This example reveals that `==` lacks transitivity. If the empty string equals the number 0, and if the number 0 equals the string consisting of the character 0, then the empty string should equal the string consisting of 0. But it doesn’t.

When faced with incompatible types while comparing operands via `==` or `!=`, JavaScript coerces one type to another to make them comparable. In contrast, it never performs type coercion (which leads to somewhat better performance) when using `===` and `!==`. Because of different types, `===` always returns `false` in the second example.

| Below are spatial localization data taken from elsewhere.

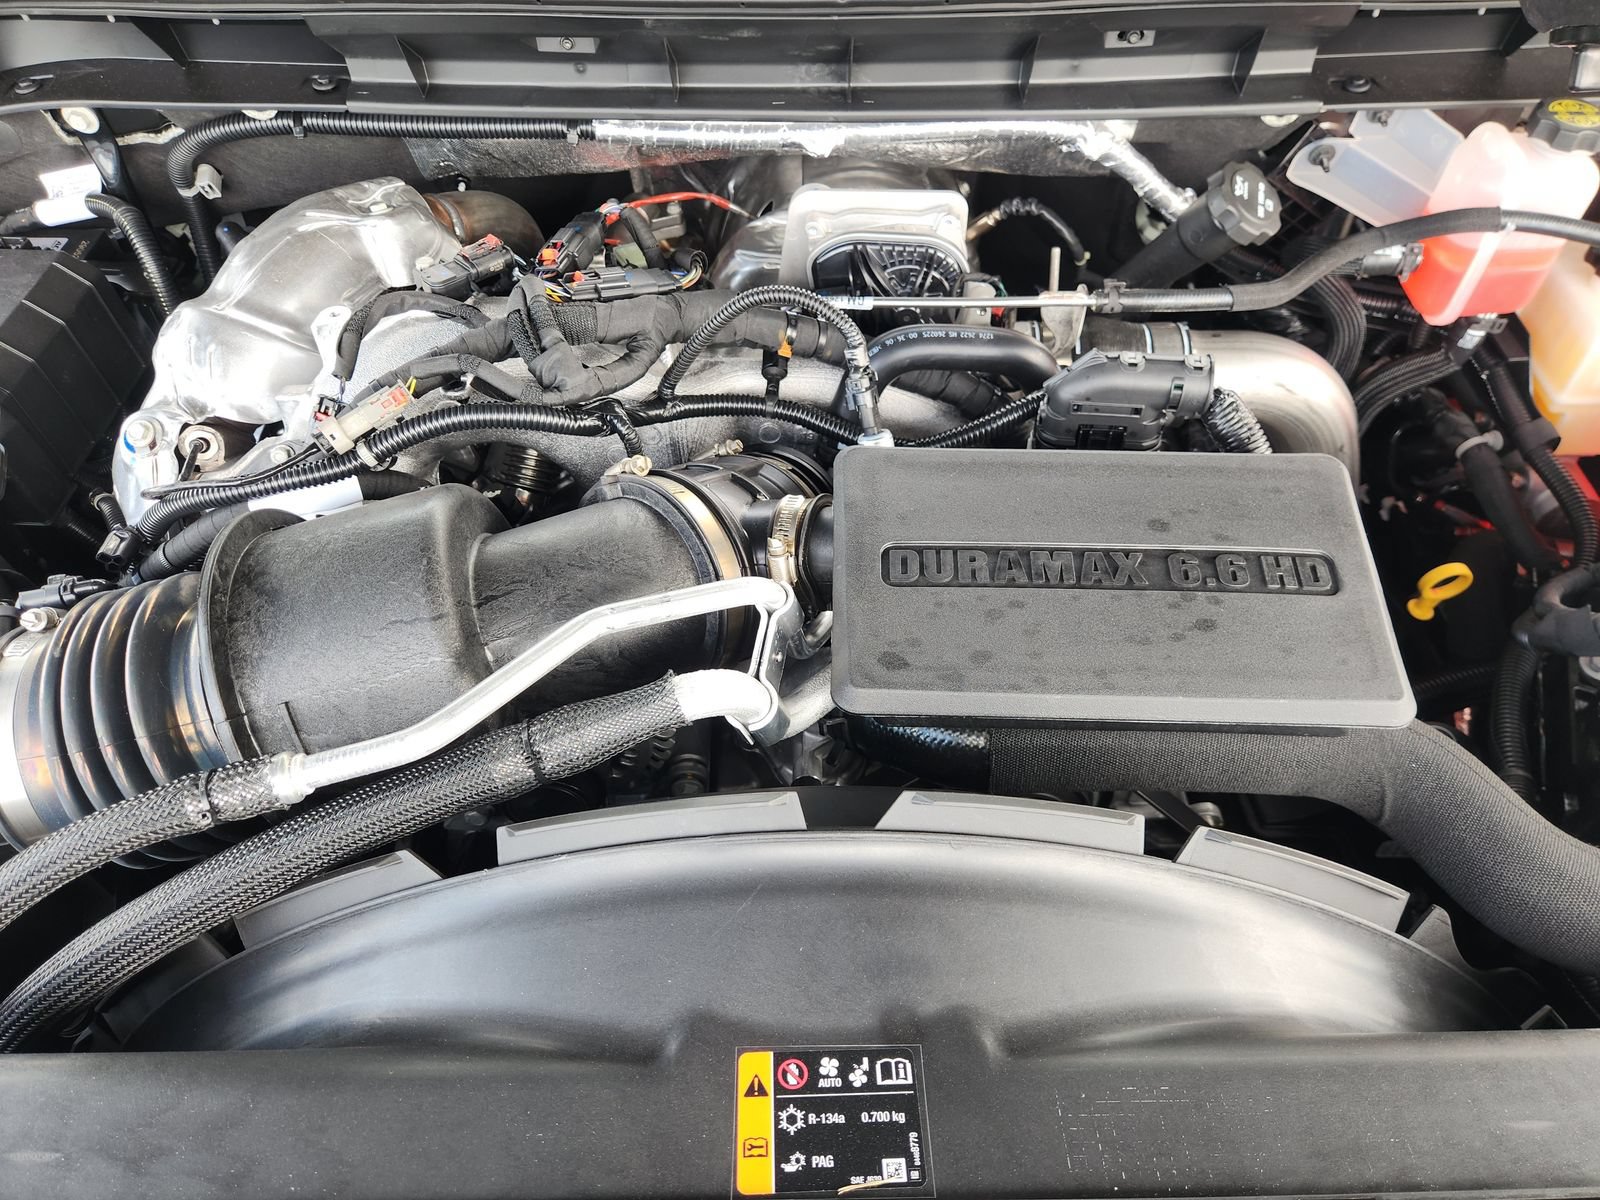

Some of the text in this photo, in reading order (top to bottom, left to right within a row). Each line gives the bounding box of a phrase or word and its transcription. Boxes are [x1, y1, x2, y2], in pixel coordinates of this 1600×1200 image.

[888, 549, 1334, 591] DURAMAX 6.6 HD
[818, 1078, 842, 1088] AUTO
[808, 1111, 906, 1124] R-134a 0.700 kg
[812, 1155, 834, 1167] PAG
[850, 1176, 865, 1184] SAE

Understanding the rules that govern how JavaScript coerces an operand to a different type so that both operands are type-compatible before `==` and `!=` are applied can help you determine when it’s more appropriate to use `==` and `!=`, and to feel confident using these operators. In the next section, we’ll explore the coercion rules that are used with the `==` and `!=` operators.

## How Do `==` and `!=` Work?

The best way to learn how `==` and `!=` work is to study the ECMAScript Language Specification. This section focuses on ECMAScript 262. Section 11.9 of the spec addresses the equality operators.

The `==` and `!=` operators appear in grammar productions `EqualityExpression` and `EqualityExpressionNoIn`. (Unlike the first production, the second production avoids the `in` operator.) Let’s examine the `EqualityExpression` production, shown below.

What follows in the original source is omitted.